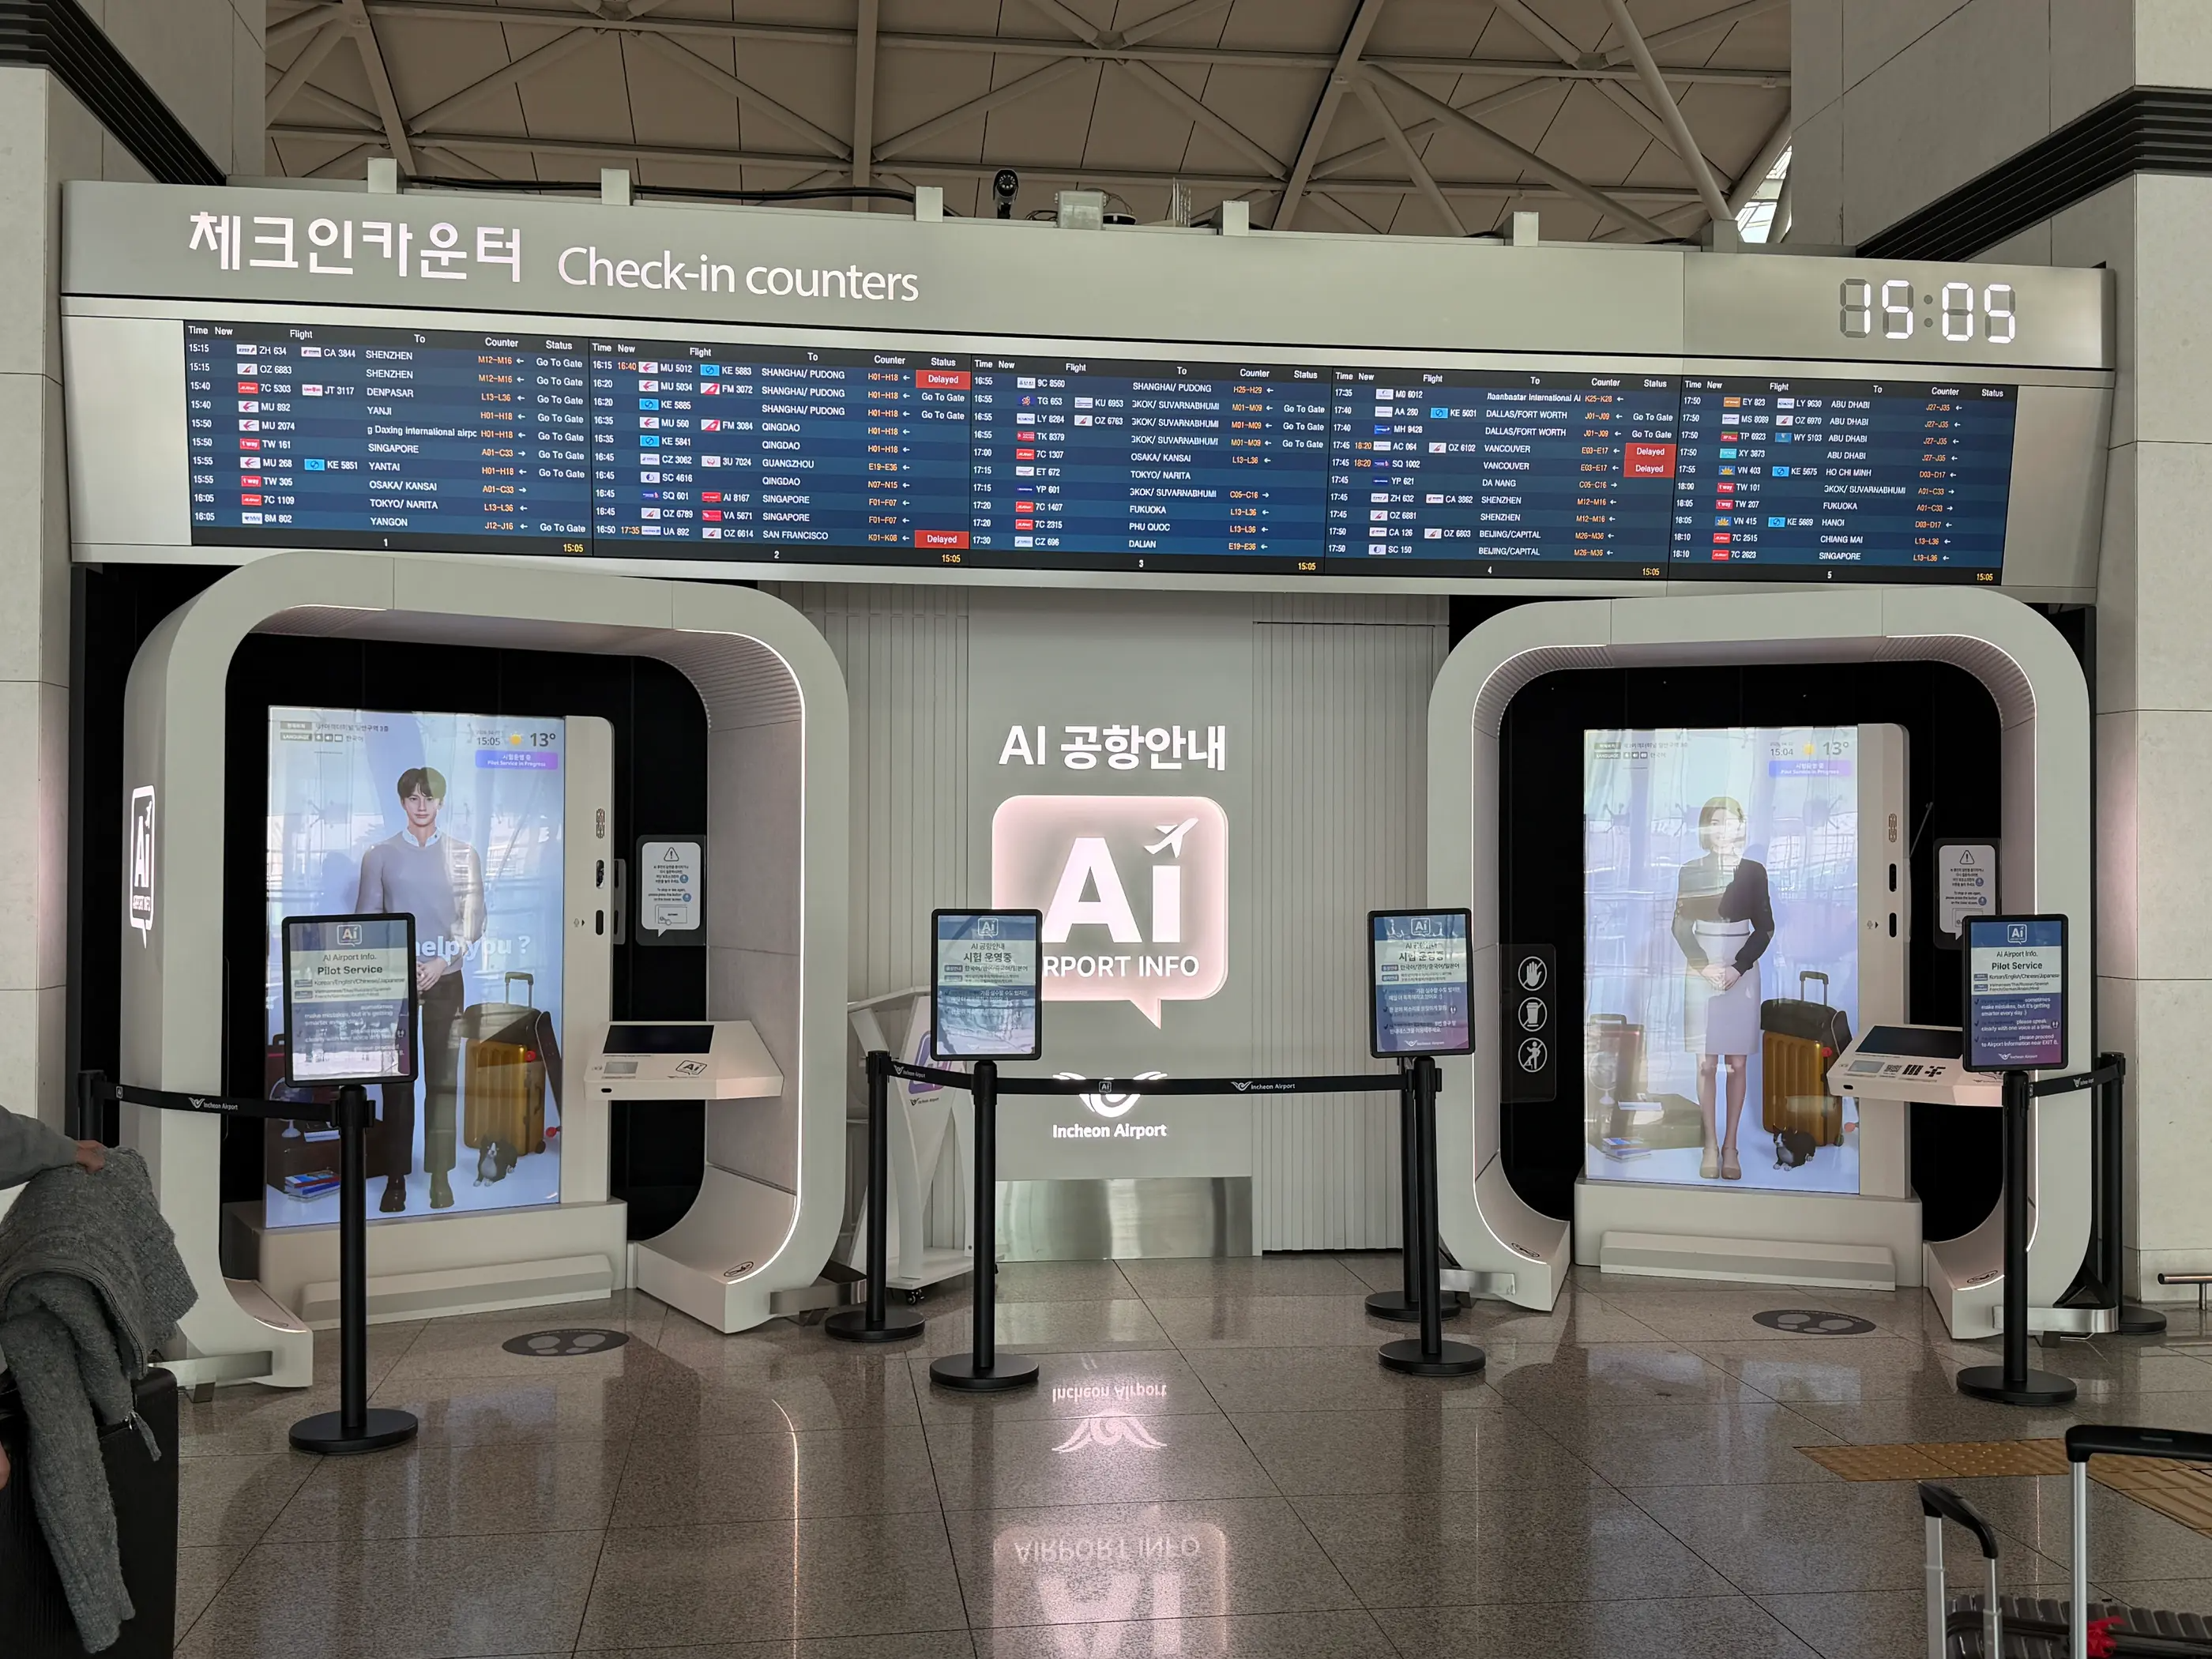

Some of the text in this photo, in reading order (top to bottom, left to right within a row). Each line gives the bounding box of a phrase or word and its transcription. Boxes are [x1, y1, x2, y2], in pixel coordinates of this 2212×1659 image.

[190, 211, 521, 284] 체크인카운터
[559, 246, 918, 302] Check-in counters
[1864, 280, 2015, 344] 15:05
[190, 344, 209, 352] 15:15
[366, 350, 412, 359] SHENZHEN
[660, 363, 673, 372] MU
[675, 364, 692, 373] 5012
[735, 367, 751, 375] 5883
[762, 368, 807, 378] SHANGHAI/
[810, 370, 845, 379] PUDONG
[927, 373, 958, 387] Delayed
[1424, 374, 1443, 384] Flight
[1637, 447, 1665, 457] Delayed
[563, 544, 583, 552] 15:05
[530, 733, 555, 747] 13°
[999, 724, 1226, 771] AI 공항안내
[1823, 742, 1849, 755] 13°
[982, 920, 995, 931] Ai
[1415, 920, 1427, 931] Ai
[342, 927, 359, 939] Ai
[2012, 927, 2024, 938] Ai
[466, 940, 511, 961] you
[964, 953, 1012, 962] 시험 운영중
[318, 965, 382, 975] Pilot Service
[1043, 956, 1199, 977] RPORT INFO
[1053, 1123, 1167, 1139] Incheon Airport

★ ★ ★ ★ ★ ★ ★

• **What you are asked to do**:
Output the records above exactly, omitting the pictures.

• **Answer below**:
Some of the text in this photo, in reading order (top to bottom, left to right within a row). Each line gives the bounding box of a phrase or word and its transcription. Boxes are [x1, y1, x2, y2], in pixel coordinates of this 2212×1659 image.

[190, 211, 521, 284] 체크인카운터
[559, 246, 918, 302] Check-in counters
[1864, 280, 2015, 344] 15:05
[190, 344, 209, 352] 15:15
[366, 350, 412, 359] SHENZHEN
[660, 363, 673, 372] MU
[675, 364, 692, 373] 5012
[735, 367, 751, 375] 5883
[762, 368, 807, 378] SHANGHAI/
[810, 370, 845, 379] PUDONG
[927, 373, 958, 387] Delayed
[1424, 374, 1443, 384] Flight
[1637, 447, 1665, 457] Delayed
[563, 544, 583, 552] 15:05
[530, 733, 555, 747] 13°
[999, 724, 1226, 771] AI 공항안내
[1823, 742, 1849, 755] 13°
[982, 920, 995, 931] Ai
[1415, 920, 1427, 931] Ai
[342, 927, 359, 939] Ai
[2012, 927, 2024, 938] Ai
[466, 940, 511, 961] you
[964, 953, 1012, 962] 시험 운영중
[318, 965, 382, 975] Pilot Service
[1043, 956, 1199, 977] RPORT INFO
[1053, 1123, 1167, 1139] Incheon Airport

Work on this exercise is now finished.